▶ [Task goal] Omit the pictures while printing every entry below exactly as given.

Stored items
★ ★ ★ ★

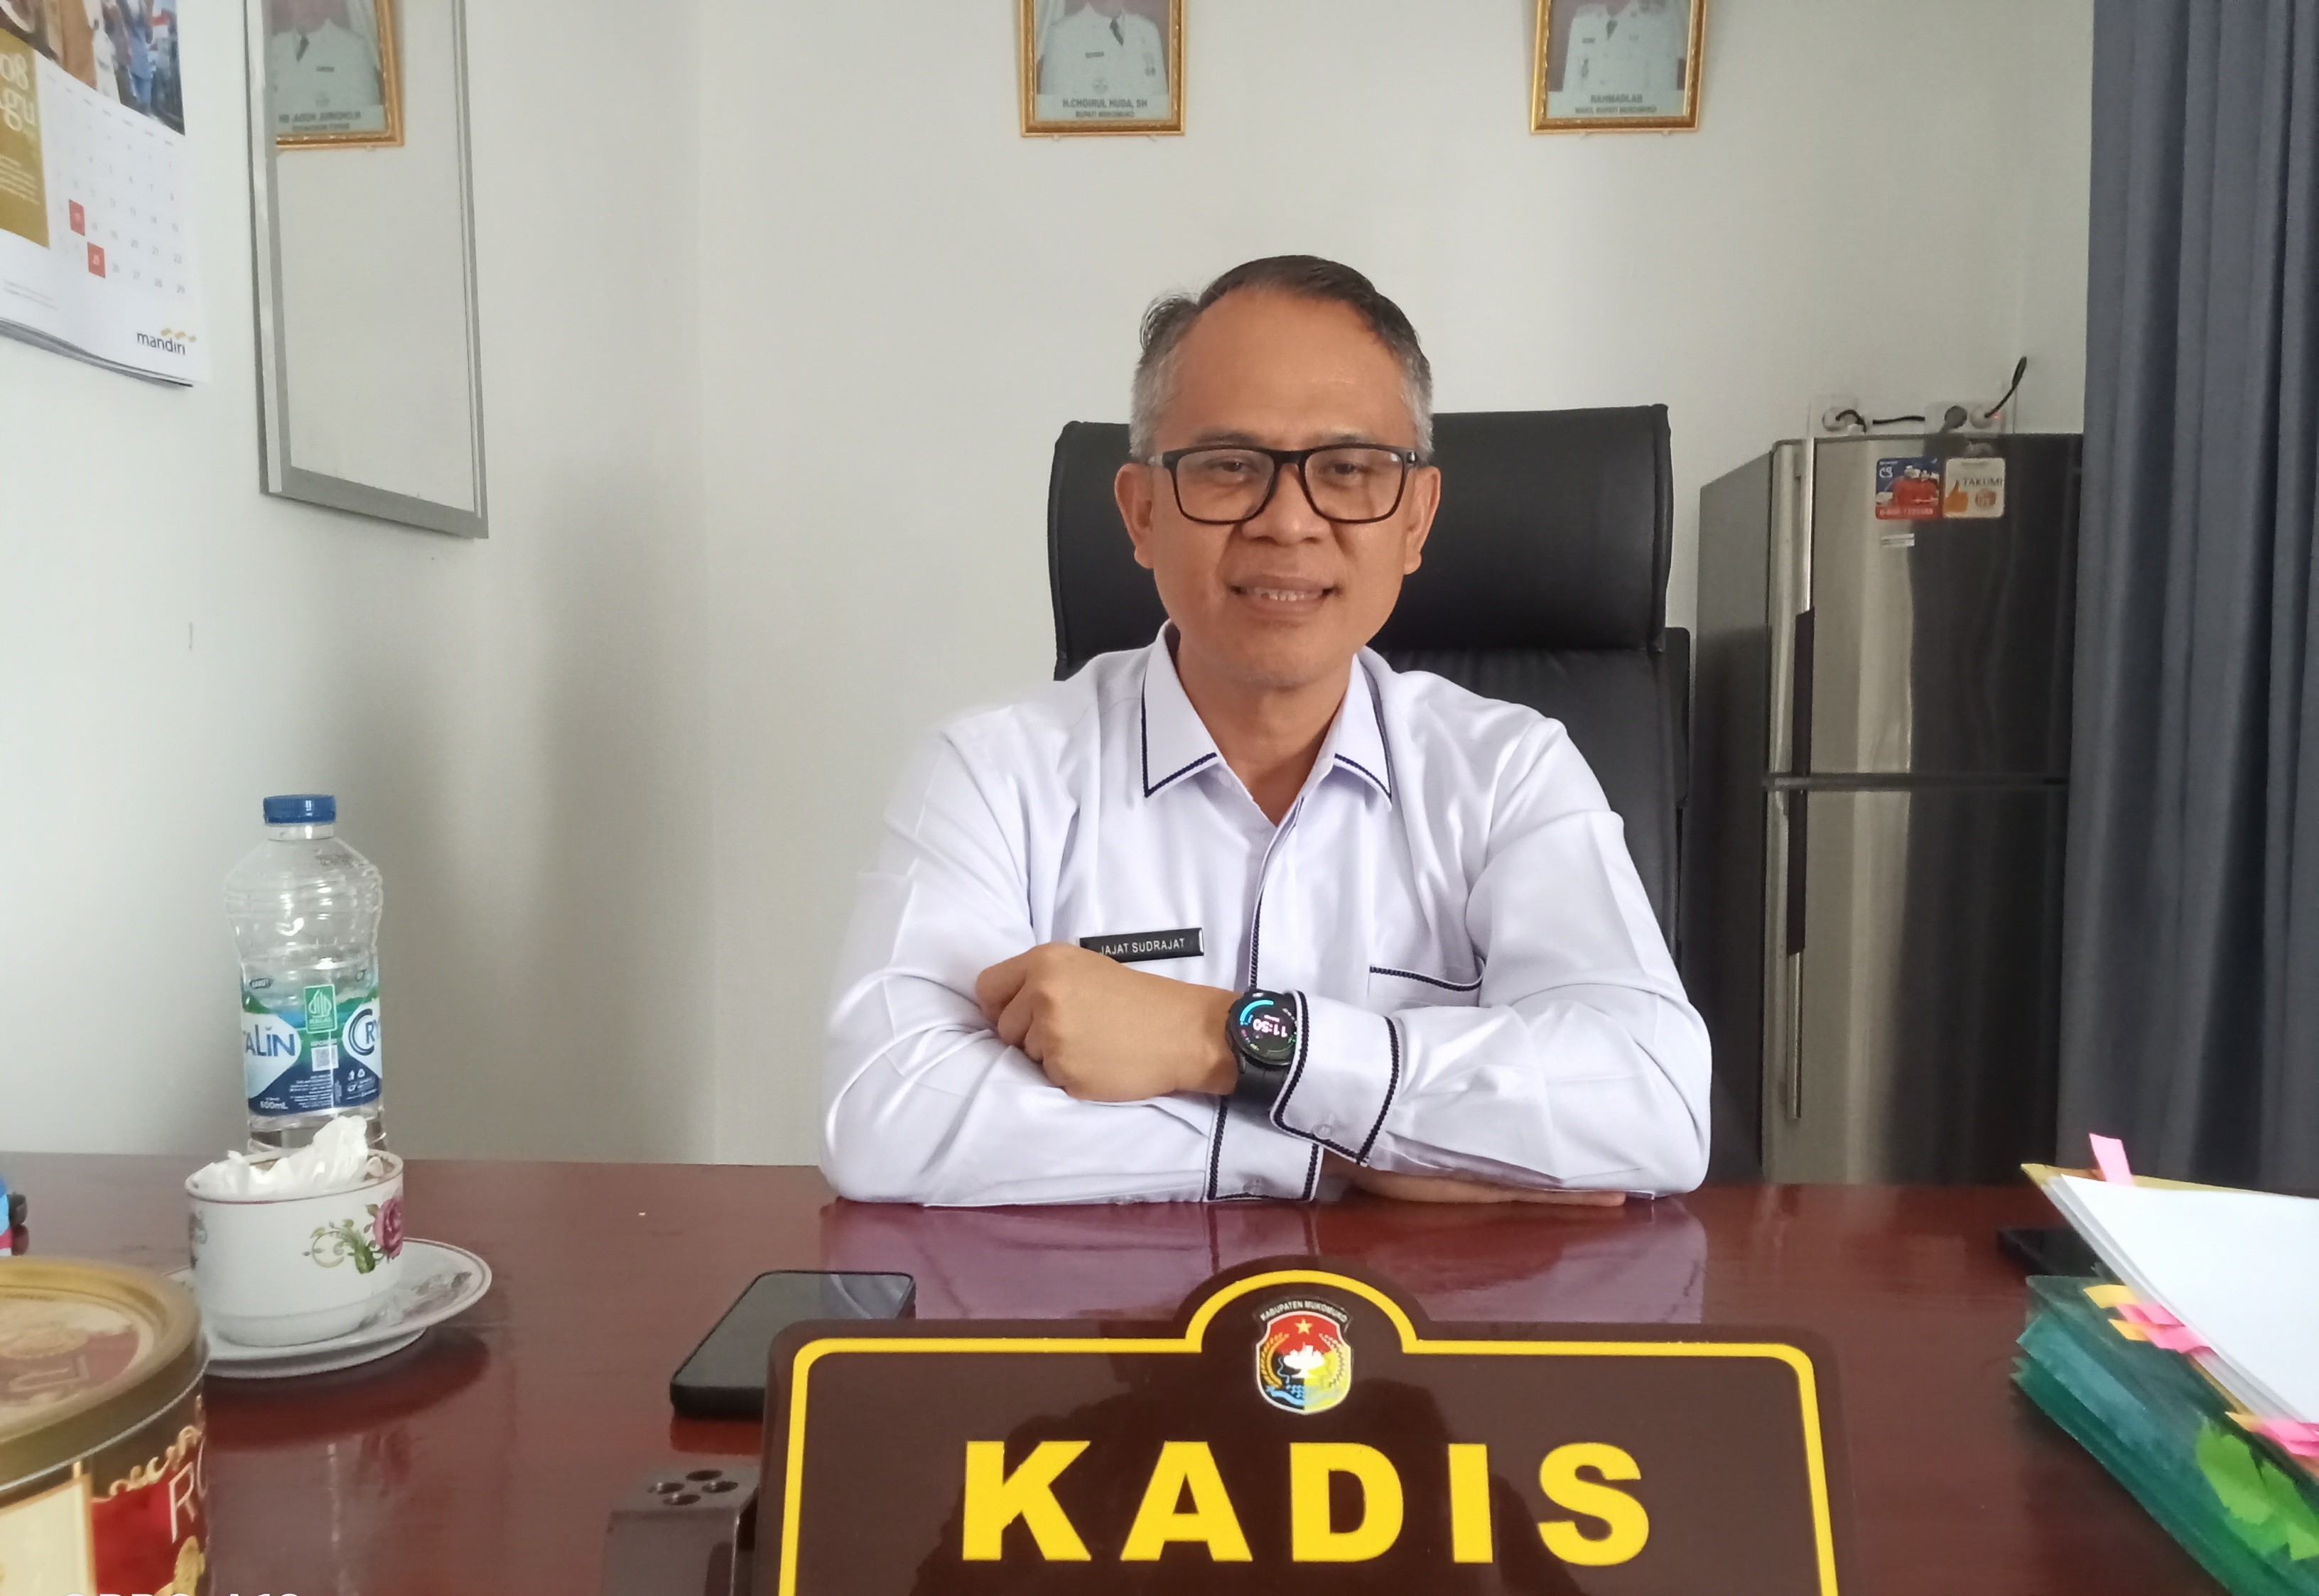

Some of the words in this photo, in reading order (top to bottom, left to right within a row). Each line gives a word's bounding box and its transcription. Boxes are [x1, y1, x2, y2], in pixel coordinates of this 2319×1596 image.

[0, 87, 36, 131] gu
[136, 331, 186, 356] mandiri
[1131, 937, 1186, 954] SUDRAJAT
[243, 1024, 296, 1057] ALIN
[1253, 1018, 1288, 1038] 11:50
[1260, 1301, 1304, 1321] KABUPATEN
[963, 1441, 1648, 1565] KADIS

★ ★ ★ ★

▶ [Exercise output]
Some of the words in this photo, in reading order (top to bottom, left to right within a row). Each line gives a word's bounding box and its transcription. Boxes are [x1, y1, x2, y2], in pixel coordinates of this 2319×1596 image.

[0, 87, 36, 131] gu
[136, 331, 186, 356] mandiri
[1131, 937, 1186, 954] SUDRAJAT
[243, 1024, 296, 1057] ALIN
[1253, 1018, 1288, 1038] 11:50
[1260, 1301, 1304, 1321] KABUPATEN
[963, 1441, 1648, 1565] KADIS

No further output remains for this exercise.